Record set:
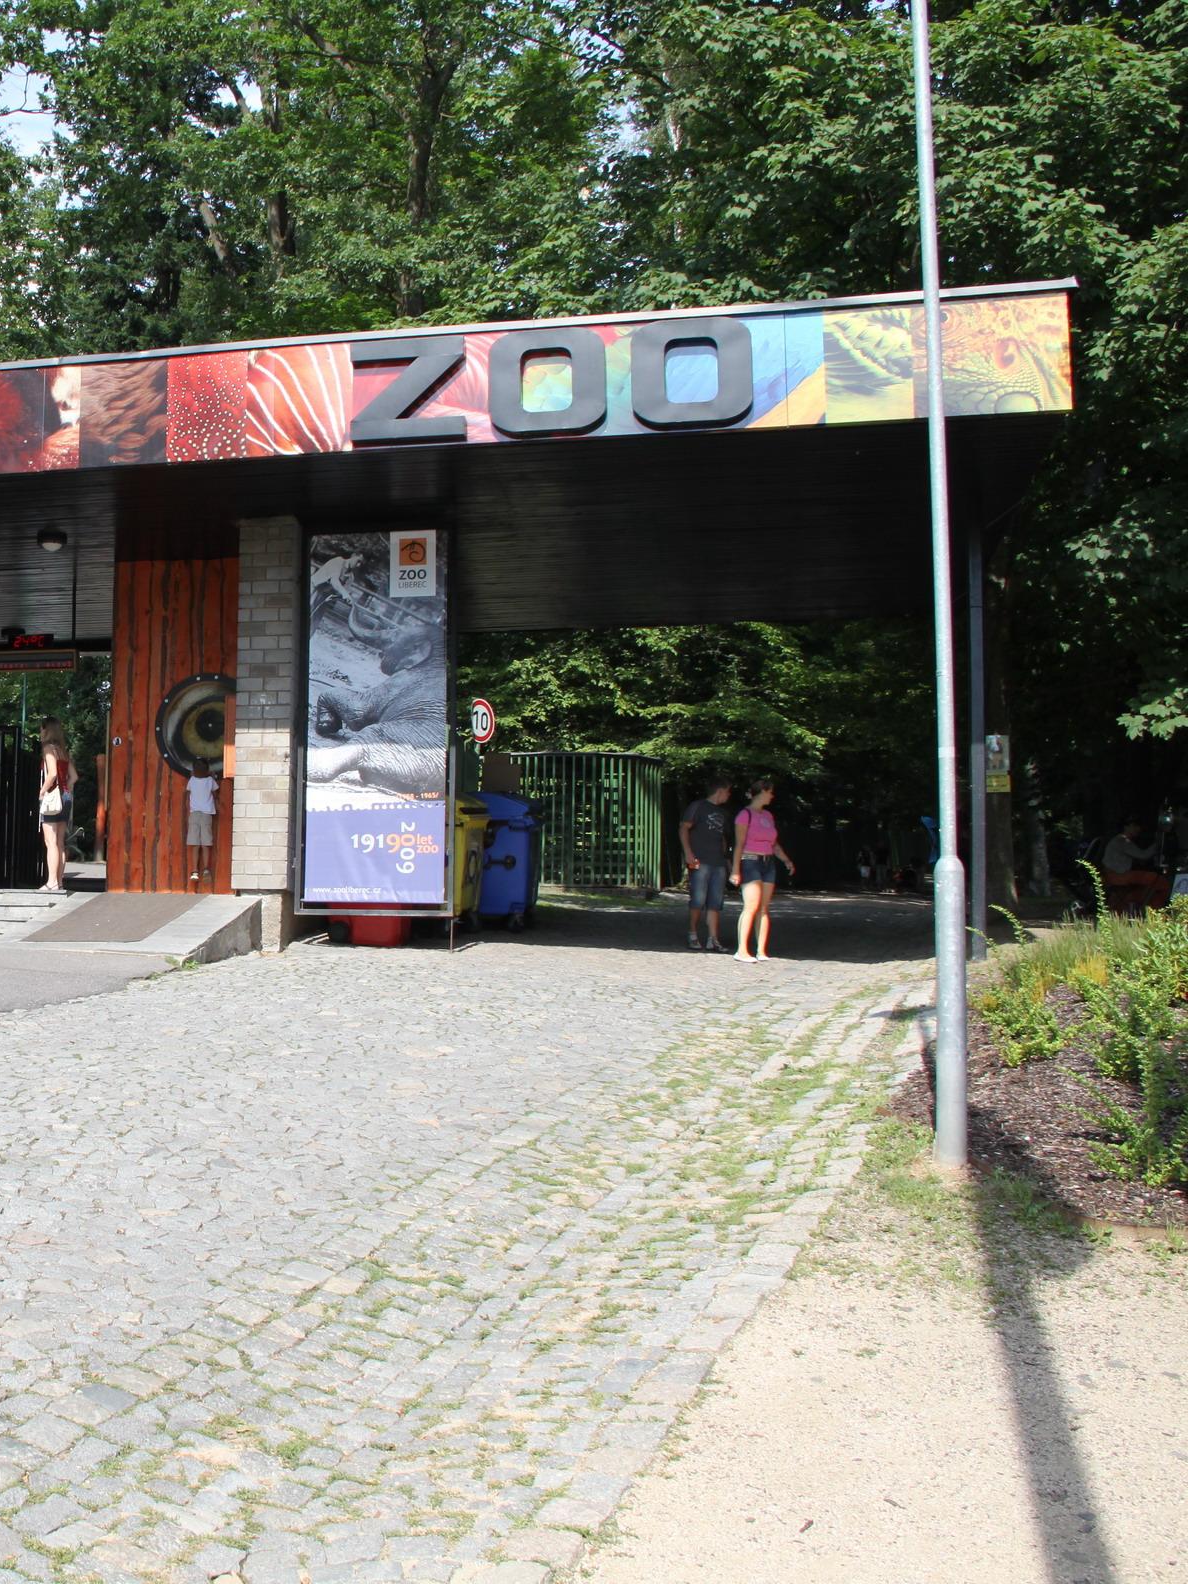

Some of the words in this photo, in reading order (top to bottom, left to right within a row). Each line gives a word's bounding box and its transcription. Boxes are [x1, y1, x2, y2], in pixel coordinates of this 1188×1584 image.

[350, 316, 753, 443] ZOO
[398, 569, 427, 580] ZOO
[398, 581, 428, 589] LIBEREC
[473, 710, 489, 731] 10
[416, 833, 433, 845] let
[416, 845, 439, 854] zoo

The task: Output every record above verbatim, excluding images.

Response area:
Some of the words in this photo, in reading order (top to bottom, left to right within a row). Each line gives a word's bounding box and its transcription. Boxes are [x1, y1, x2, y2], in pixel coordinates of this 1188×1584 image.

[350, 316, 753, 443] ZOO
[398, 569, 427, 580] ZOO
[398, 581, 428, 589] LIBEREC
[473, 710, 489, 731] 10
[416, 833, 433, 845] let
[416, 845, 439, 854] zoo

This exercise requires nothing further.